Seria, portanto, contrário a esses objetivos privar essas vítimas, uma vez efetuadas as suas diligências prévias diretamente junto desse representante, e mesmo que dispusessem de uma ação direta contra a seguradora, da possibilidade de notificar os atos judiciais a esse representante com vista a exercer a ação de indemnização perante o órgão jurisdicional internacionalmente competente.

Em face do exposto, há que responder à primeira questão que o artigo 21.°, n.° 5, da Diretiva 2009/103 deve ser interpretado no sentido de que, entre os poderes suficientes de que deve dispor o representante para sinistros, figura a sua habilitação para receber validamente a notificação dos atos judiciais necessários à instauração de um processo para reparação dos danos de um sinistro perante o órgão jurisdicional competente»[9].
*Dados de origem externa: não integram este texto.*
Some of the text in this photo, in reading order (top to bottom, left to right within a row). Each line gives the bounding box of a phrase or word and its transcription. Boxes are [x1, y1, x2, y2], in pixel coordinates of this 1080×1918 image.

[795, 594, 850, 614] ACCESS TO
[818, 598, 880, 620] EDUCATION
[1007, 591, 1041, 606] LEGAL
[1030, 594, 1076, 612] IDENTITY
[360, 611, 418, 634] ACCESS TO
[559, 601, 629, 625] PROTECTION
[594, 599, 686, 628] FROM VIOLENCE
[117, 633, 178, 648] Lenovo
Acresce dizer que à questão da legitimidade é inteiramente alheia a questão da determinação concreta dos termos da representação. O que colhe é a configuração dada na petição (artigo 26.º, n.º 3, já citado), estando fora de contexto a apreciação substantiva do acordo de representação[10].

Conclui-se, assim, pela procedência do recurso.

IV) DECISÃO

Pelo exposto, ACORDAM em julgar procedente o recurso, revogando a decisão recorrida e julgando a Ré parte legítima.

Custas pela Recorrente.

Lisboa, 17 de Outubro de 2013

(Ana de Azeredo Coelho)

(Tomé Ramião)

(Vítor Amaral)


[1] Doravante “seguro obrigatório”.
[2] Professor João de Castro Mendes, in “Direito Civil – Teoria Geral”, 1979, III, p. 633.
[3] Directiva que codificou as Primeira, Segunda e Terceira Directivas Automóveis respeitante à obrigação de segurar.
[4] Publicado como Decreto-Lei 8-A/2002, com rectificação posterior.
[5] «Relativamente às empresas de seguros que pretendam cobrir riscos do ramo ‘Responsabilidade civil de veículos terrestres a motor com excepção da responsabilidade do transportador’, designação, em cada um dos demais Estados membros, de um representante para o tratamento e a regularização, no país de residência da vítima, dos sinistros ocorridos num Estado distinto do da residência desta (‘representante para sinistros’)».
[6] Excluindo as relativas a situações em que inexiste seguro, é desconhecida a seguradora ou não foi possível a regulamentação do litígio nos prazos legais.
[7] Embora aludindo à substância do concreto acordo de representação.
[8] Onde se lê: «O quadro legal relevante assim exposto exprime claramente uma preocupação de protecção dos lesados por acidentes de viação ocorridos no estrangeiro e sua regularização e resolução dentro do seu espaço jurídico, isto a partir da transposição da 4.ª Directiva sobre o seguro automóvel (Directiva n.º 2000/26/CE, de 16.5, do Parlamento Europeu e do Conselho) para o DL n.º n.º 522/85, de 31.12 pelo DL n.º 72-A/03, de 14.4, regime esse constante, hoje, dos art.ºs 65.º a 68.º do DL n.º 291/2007, de 21.8.
            Daí que não distinga entre regularização de sinistros pela via extrajudicial ou judicial, apontando a letra do citado n.º 1 do art.º 66.º do DL 94-B/98 para qualquer uma dessas formas.
          (…) E nem se diga que à legitimidade passiva para o representante ser directamente demandado em acção de indemnização obstam os n.ºs 3 e 7 do art.º 67.º do DL n.º 281/07 acima transcritos, como sem grande fundamentação a recorrente alinhavou o recurso.
           Do n.º 3 retira-se, apenas, que o representante para sinistros deve dispor dos poderes bastantes para representar a seguradora responsável perante o lesado para satisfazer plenamente (sic) os seus pedidos de indemnização, não restringindo essa satisfação à via extrajudicial, inculcando que fazê-lo plenamente abrangerá também, se disso for caso, a via judicial.
           Do n.º 7 somente resulta que a designação de representante apenas não equivale, por si só, a abertura de sucursal para efeitos de determinação de foro, nada impedindo que o seja para efeitos de legitimidade processual!..».
[9] Mantém-se a ortografia da publicação.
[10] Face ao teor imperativo do artigo 67.º, n.º 3, do Decreto-Lei 291/2007, poderá colocar-se até a questão da oponibilidade ao lesado da falta dos poderes adequados.